━━━ INFORMATION SUPPLIED ━━━

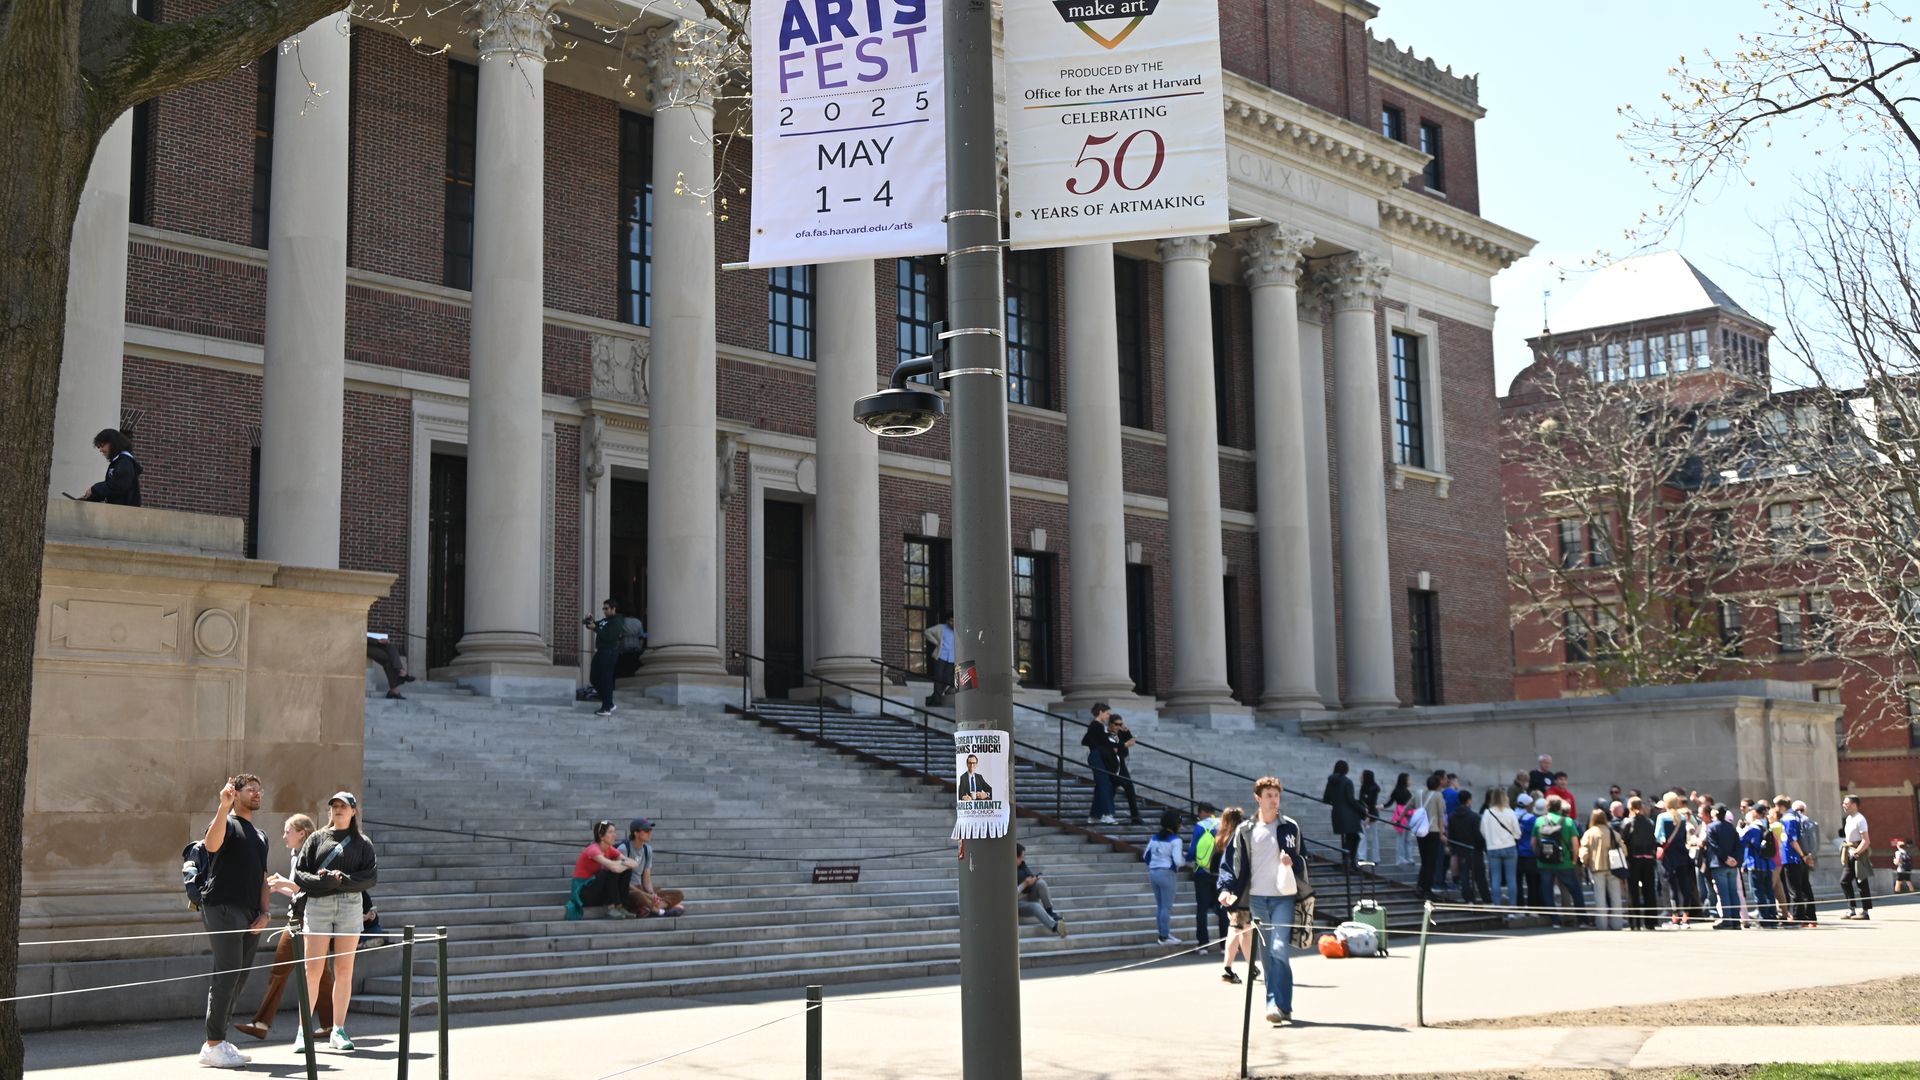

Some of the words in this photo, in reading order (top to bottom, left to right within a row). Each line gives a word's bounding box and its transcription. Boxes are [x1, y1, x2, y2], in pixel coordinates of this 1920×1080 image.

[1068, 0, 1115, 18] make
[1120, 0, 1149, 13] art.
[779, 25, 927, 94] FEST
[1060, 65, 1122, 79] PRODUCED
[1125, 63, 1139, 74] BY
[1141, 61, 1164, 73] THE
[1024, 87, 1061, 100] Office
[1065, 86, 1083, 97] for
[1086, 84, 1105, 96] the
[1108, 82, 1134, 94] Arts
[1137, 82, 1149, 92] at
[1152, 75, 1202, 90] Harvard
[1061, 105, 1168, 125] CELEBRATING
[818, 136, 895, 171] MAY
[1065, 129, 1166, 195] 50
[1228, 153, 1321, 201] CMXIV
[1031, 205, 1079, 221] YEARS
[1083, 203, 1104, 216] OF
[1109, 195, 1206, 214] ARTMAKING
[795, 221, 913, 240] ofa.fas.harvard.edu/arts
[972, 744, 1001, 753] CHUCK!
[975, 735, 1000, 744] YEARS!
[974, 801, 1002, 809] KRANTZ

━━━

Please return all of the entries word for word, excluding the pictures.

> **EXERCISE SOLUTION**
Some of the words in this photo, in reading order (top to bottom, left to right within a row). Each line gives a word's bounding box and its transcription. Boxes are [x1, y1, x2, y2], in pixel coordinates of this 1920×1080 image.

[1068, 0, 1115, 18] make
[1120, 0, 1149, 13] art.
[779, 25, 927, 94] FEST
[1060, 65, 1122, 79] PRODUCED
[1125, 63, 1139, 74] BY
[1141, 61, 1164, 73] THE
[1024, 87, 1061, 100] Office
[1065, 86, 1083, 97] for
[1086, 84, 1105, 96] the
[1108, 82, 1134, 94] Arts
[1137, 82, 1149, 92] at
[1152, 75, 1202, 90] Harvard
[1061, 105, 1168, 125] CELEBRATING
[818, 136, 895, 171] MAY
[1065, 129, 1166, 195] 50
[1228, 153, 1321, 201] CMXIV
[1031, 205, 1079, 221] YEARS
[1083, 203, 1104, 216] OF
[1109, 195, 1206, 214] ARTMAKING
[795, 221, 913, 240] ofa.fas.harvard.edu/arts
[972, 744, 1001, 753] CHUCK!
[975, 735, 1000, 744] YEARS!
[974, 801, 1002, 809] KRANTZ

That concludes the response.